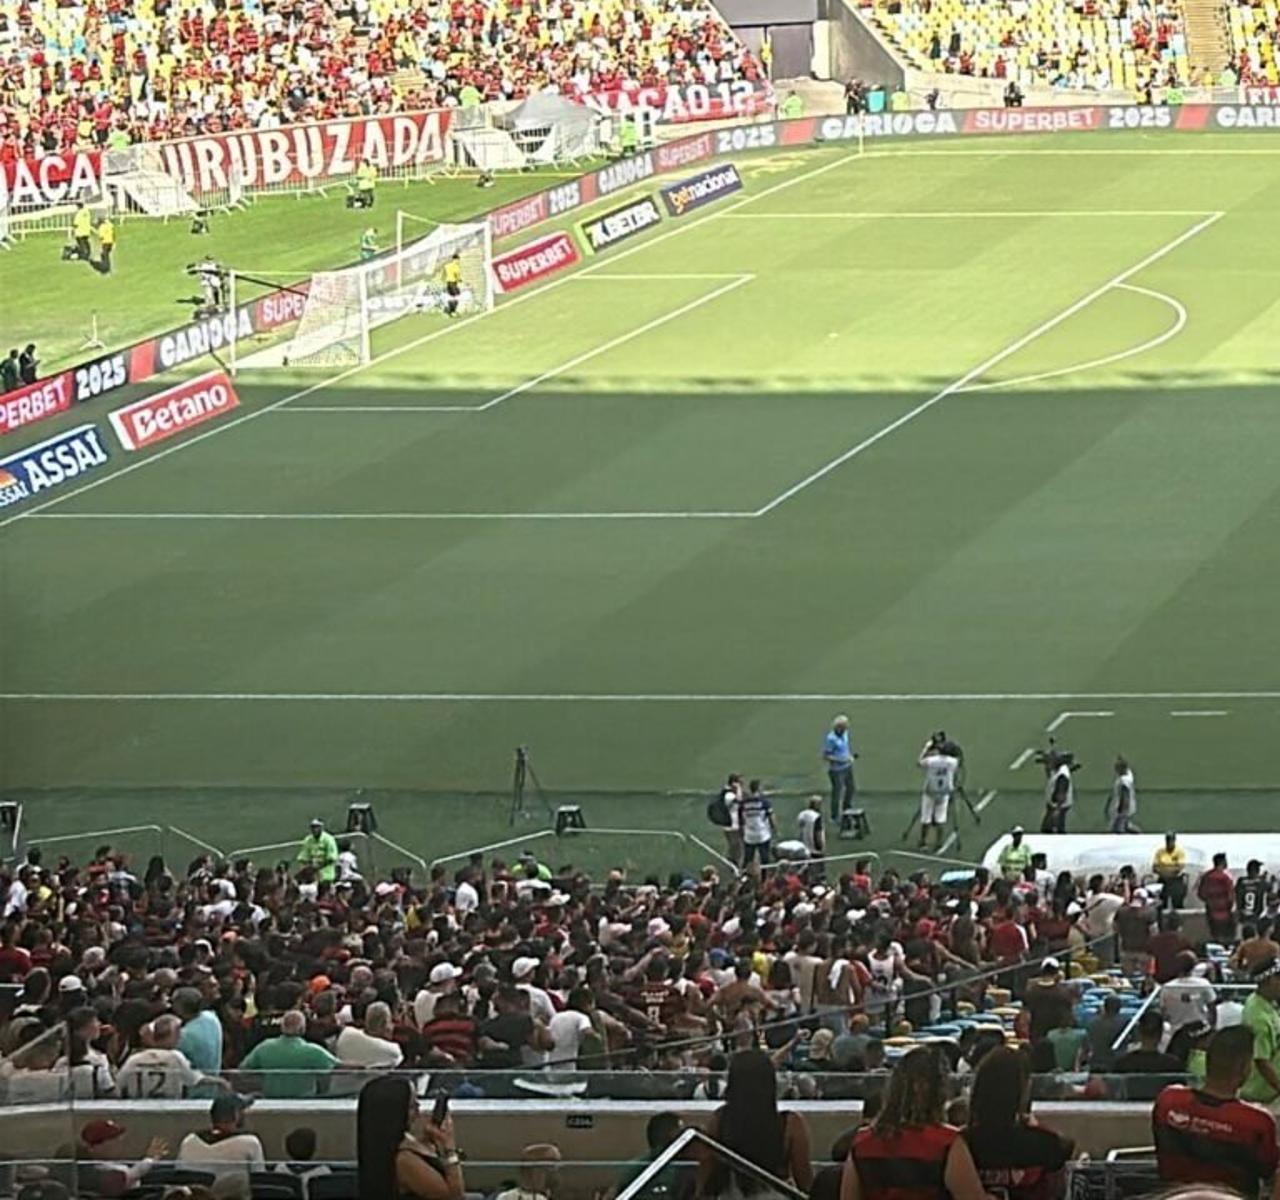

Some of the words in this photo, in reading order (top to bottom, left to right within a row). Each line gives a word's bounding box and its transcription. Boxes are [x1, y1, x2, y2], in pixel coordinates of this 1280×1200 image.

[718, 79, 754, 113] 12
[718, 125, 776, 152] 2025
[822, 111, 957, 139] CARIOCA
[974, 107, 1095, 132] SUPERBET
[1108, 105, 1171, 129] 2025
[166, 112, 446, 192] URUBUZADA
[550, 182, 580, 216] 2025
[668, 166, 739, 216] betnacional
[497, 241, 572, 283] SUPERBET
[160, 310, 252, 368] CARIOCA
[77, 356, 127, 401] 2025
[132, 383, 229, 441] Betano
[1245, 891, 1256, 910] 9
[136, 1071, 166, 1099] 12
* * * * *
Reproduce all of the data exactly, omitting each picture it holds.

Some of the words in this photo, in reading order (top to bottom, left to right within a row). Each line gives a word's bounding box and its transcription. Boxes are [x1, y1, x2, y2], in pixel coordinates of this 1280×1200 image.

[718, 79, 754, 113] 12
[718, 125, 776, 152] 2025
[822, 111, 957, 139] CARIOCA
[974, 107, 1095, 132] SUPERBET
[1108, 105, 1171, 129] 2025
[166, 112, 446, 192] URUBUZADA
[550, 182, 580, 216] 2025
[668, 166, 739, 216] betnacional
[497, 241, 572, 283] SUPERBET
[160, 310, 252, 368] CARIOCA
[77, 356, 127, 401] 2025
[132, 383, 229, 441] Betano
[1245, 891, 1256, 910] 9
[136, 1071, 166, 1099] 12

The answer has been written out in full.